* [GIVEN INFORMATION]
== == ==

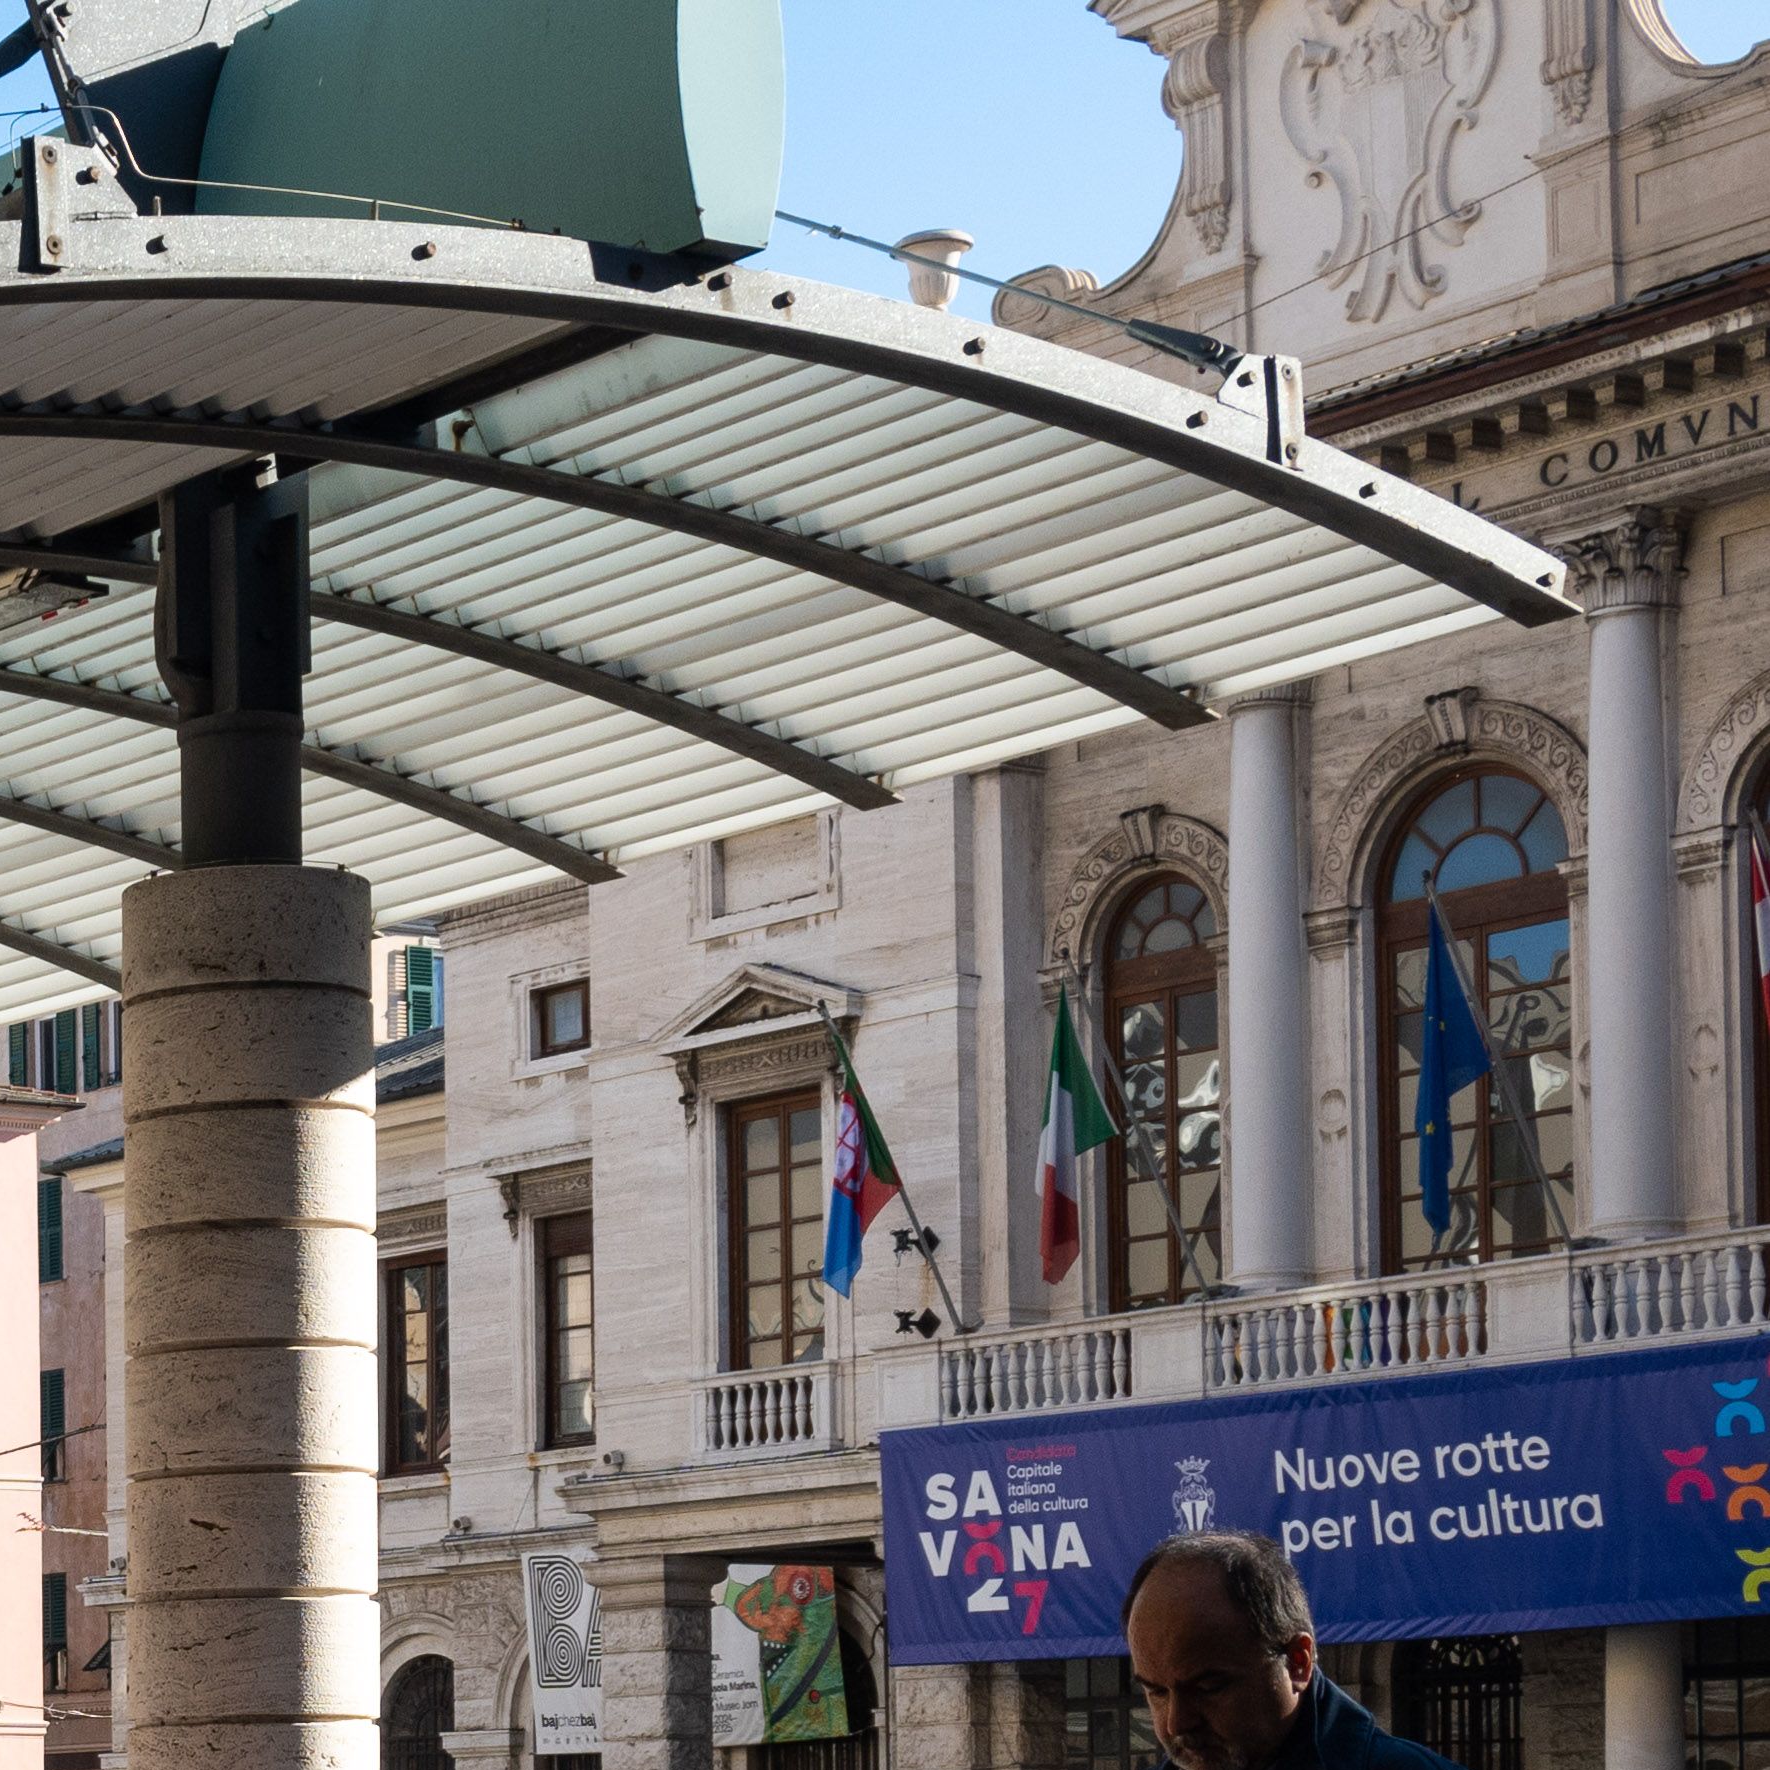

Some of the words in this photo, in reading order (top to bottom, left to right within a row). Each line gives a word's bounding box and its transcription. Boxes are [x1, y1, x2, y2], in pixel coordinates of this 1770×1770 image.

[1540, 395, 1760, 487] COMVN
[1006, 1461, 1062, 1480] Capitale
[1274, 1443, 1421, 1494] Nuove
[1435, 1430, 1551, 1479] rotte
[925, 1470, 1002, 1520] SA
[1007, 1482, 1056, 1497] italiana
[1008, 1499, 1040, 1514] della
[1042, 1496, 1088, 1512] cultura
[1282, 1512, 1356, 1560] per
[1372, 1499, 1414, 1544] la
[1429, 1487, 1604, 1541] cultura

== == ==

* [PROMPT]
With the pictures omitted, the material is to be transcribed exactly.

* [EXERCISE SOLUTION]
Some of the words in this photo, in reading order (top to bottom, left to right within a row). Each line gives a word's bounding box and its transcription. Boxes are [x1, y1, x2, y2], in pixel coordinates of this 1770×1770 image.

[1540, 395, 1760, 487] COMVN
[1006, 1461, 1062, 1480] Capitale
[1274, 1443, 1421, 1494] Nuove
[1435, 1430, 1551, 1479] rotte
[925, 1470, 1002, 1520] SA
[1007, 1482, 1056, 1497] italiana
[1008, 1499, 1040, 1514] della
[1042, 1496, 1088, 1512] cultura
[1282, 1512, 1356, 1560] per
[1372, 1499, 1414, 1544] la
[1429, 1487, 1604, 1541] cultura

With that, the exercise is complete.